長庚生物標識中心
長庚生物標識中心
長庚生物標識中心 (Chang Gung Biosignature Center, CGBC) 針對國人常見之九種疾病進行深入研究探討,包括:口腔癌、大腸直腸癌、肝癌、急性腎衰竭、慢性腎損傷、急性冠心病、敗血症、心臟衰竭及慢性肺阻塞疾病等研究計畫。經過多年的深入研究,目前已有數個計畫即將進入臨床試驗階段,並有數個研究成果與技術進入專利申請與技轉合作階段。例如:口腔癌早期診斷生物標識計畫 (此計畫是配合國家對口腔癌篩檢之政策與國健署共同合作推動)、口腔癌預後指標生物標識計畫、大腸直腸癌生物標識計畫 (此計畫是配合國家對大腸直腸癌篩檢之政策與國健署共同合作推動)、肝癌生物標識計畫及國人常見之急、慢性腎臟疾病等計畫,皆有重要且豐碩的成果。在生物標識研究上,長庚體系是全台最早進入臨床試驗的團隊,並在諾貝爾獎得主Prof. Leland Hartwell、黃秉乾院士及核心委員的規劃下,必將成為此領域的世界頂尖一流團隊。
透過長庚生物標識研究建立『技術及生物資訊平台』,支援並積極參與九項重大疾病的生物標識研究計畫,成功建立並使用了多種高通量體學分析技術及生物資訊分析平台,包括蛋白質體、代謝體、次世代定序、基因體RT-qPCR、生物資訊分析以及人工智慧分析平台,全力投入轉譯應用研究,且已有相當亮眼的成果。成功建置此一完善生物標識研究環境(軟硬體、多體學分析技術與專業團隊),使長庚體系生物標識研究能在國際上凸顯特色,並將成果轉譯於臨床。
重要成果
(1)針對臨床團隊需求,開發高通量檢體處理技術並優化實驗流程,以涵蓋不同類型檢體(細胞株、組織、糞便及各種體液樣本如血液、唾液、尿液等);
(2)協助臨床團隊完成大量實驗檢體(每年約完成5,000個)分析及實驗數據處理;
(3)支援整合型生物標識計畫發表數十篇國際論文,申請14個生物標記相關研究發明專利,已有多個專利獲證及一組標記技轉;
(4)建置完善生物標識研究環境所需軟硬體,同時培育包含數十位年輕教師、醫師、研究員、博士後、助理及博碩士學生的長庚生物標識研究專業團隊。
PNAS October 11, 2016 113 (41) 11549-11554.

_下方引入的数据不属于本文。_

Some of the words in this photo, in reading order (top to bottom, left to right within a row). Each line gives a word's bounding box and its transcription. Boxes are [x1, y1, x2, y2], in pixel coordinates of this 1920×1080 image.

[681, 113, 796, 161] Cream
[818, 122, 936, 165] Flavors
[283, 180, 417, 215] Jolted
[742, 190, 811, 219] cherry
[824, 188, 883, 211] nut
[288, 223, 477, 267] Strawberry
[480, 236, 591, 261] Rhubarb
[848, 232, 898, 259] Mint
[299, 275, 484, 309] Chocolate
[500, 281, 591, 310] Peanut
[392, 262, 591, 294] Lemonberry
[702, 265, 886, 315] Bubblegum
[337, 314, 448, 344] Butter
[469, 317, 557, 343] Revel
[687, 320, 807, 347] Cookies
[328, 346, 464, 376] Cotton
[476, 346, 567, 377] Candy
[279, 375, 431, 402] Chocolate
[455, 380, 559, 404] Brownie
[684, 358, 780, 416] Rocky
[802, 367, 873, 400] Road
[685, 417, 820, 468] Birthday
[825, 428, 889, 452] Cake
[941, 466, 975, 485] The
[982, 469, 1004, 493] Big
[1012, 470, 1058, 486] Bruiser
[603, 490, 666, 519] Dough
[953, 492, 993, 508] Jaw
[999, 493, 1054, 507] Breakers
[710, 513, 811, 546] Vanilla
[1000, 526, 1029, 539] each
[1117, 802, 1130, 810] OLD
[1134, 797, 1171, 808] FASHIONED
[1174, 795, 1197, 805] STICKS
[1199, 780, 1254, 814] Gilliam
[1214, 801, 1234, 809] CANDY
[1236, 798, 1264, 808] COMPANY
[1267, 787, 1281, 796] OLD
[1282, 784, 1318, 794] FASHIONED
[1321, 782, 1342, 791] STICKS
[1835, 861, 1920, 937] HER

Saliva protein biomarkers to detect oral squamous cell carcinoma in a high-risk population in Taiwan
PMID: 27663741 PMCID: PMC5068314 DOI: 10.1073/pnas.1612368113
Jau-Song Yu 1, Yi-Ting Chen 2, Wei-Fan Chiang 3, Yung-Chin Hsiao 4, Lichieh Julie Chu 4, Lai-Chu See 5, Chi-Sheng Wu 6, Hui-Tzu Tu 7, Hsiao-Wei Chen 6, Chia-Chun Chen 8, Wei-Chao Liao 6, Ya-Ting Chang 6, Chih-Ching Wu 9, Che-Yi Lin 10, Shyun-Yeu Liu 10, Shu-Ti Chiou 11, Shu-Li Chia 12, Kai-Ping Chang 13, Chih-Yen Chien 14, Su-Wei Chang 15, Chee-Jen Chang 16, John D Young 17, Chia C Pao 18, Yu-Sun Chang 19, Leland H Hartwell 20
Abstract
Most cases of oral squamous cell carcinoma (OSCC) develop from visible oral potentially malignant disorders (OPMDs). The latter exhibit heterogeneous subtypes with different transformation potentials, complicating the early detection of OSCC during routine visual oral cancer screenings. To develop clinically applicable biomarkers, we collected saliva samples from 96 healthy controls, 103 low-risk OPMDs, 130 high-risk OPMDs, and 131 OSCC subjects. These individuals were enrolled in Taiwan's Oral Cancer Screening Program. We identified 302 protein biomarkers reported in the literature and/or through in-house studies and prioritized 49 proteins for quantification in the saliva samples using multiple reaction monitoring-MS. Twenty-eight proteins were successfully quantified with high confidence. The quantification data from non-OSCC subjects (healthy controls + low-risk OPMDs) and OSCC subjects in the training set were subjected to classification and regression tree analyses, through which we generated a four-protein panel consisting of MMP1, KNG1, ANXA2, and HSPA5. A risk-score scheme was established, and the panel showed high sensitivity (87.5%) and specificity (80.5%) in the test set to distinguish OSCC samples from non-OSCC samples. The risk score >0.4 detected 84% (42/50) of the stage I OSCCs and a significant portion (42%) of the high-risk OPMDs. Moreover, among 88 high-risk OPMD patients with available follow-up results, 18 developed OSCC within 5 y; of them, 77.8% (14/18) had risk scores >0.4. Our four-protein panel may therefore offer a clinically effective tool for detecting OSCC and monitoring high-risk OPMDs through a readily available biofluid.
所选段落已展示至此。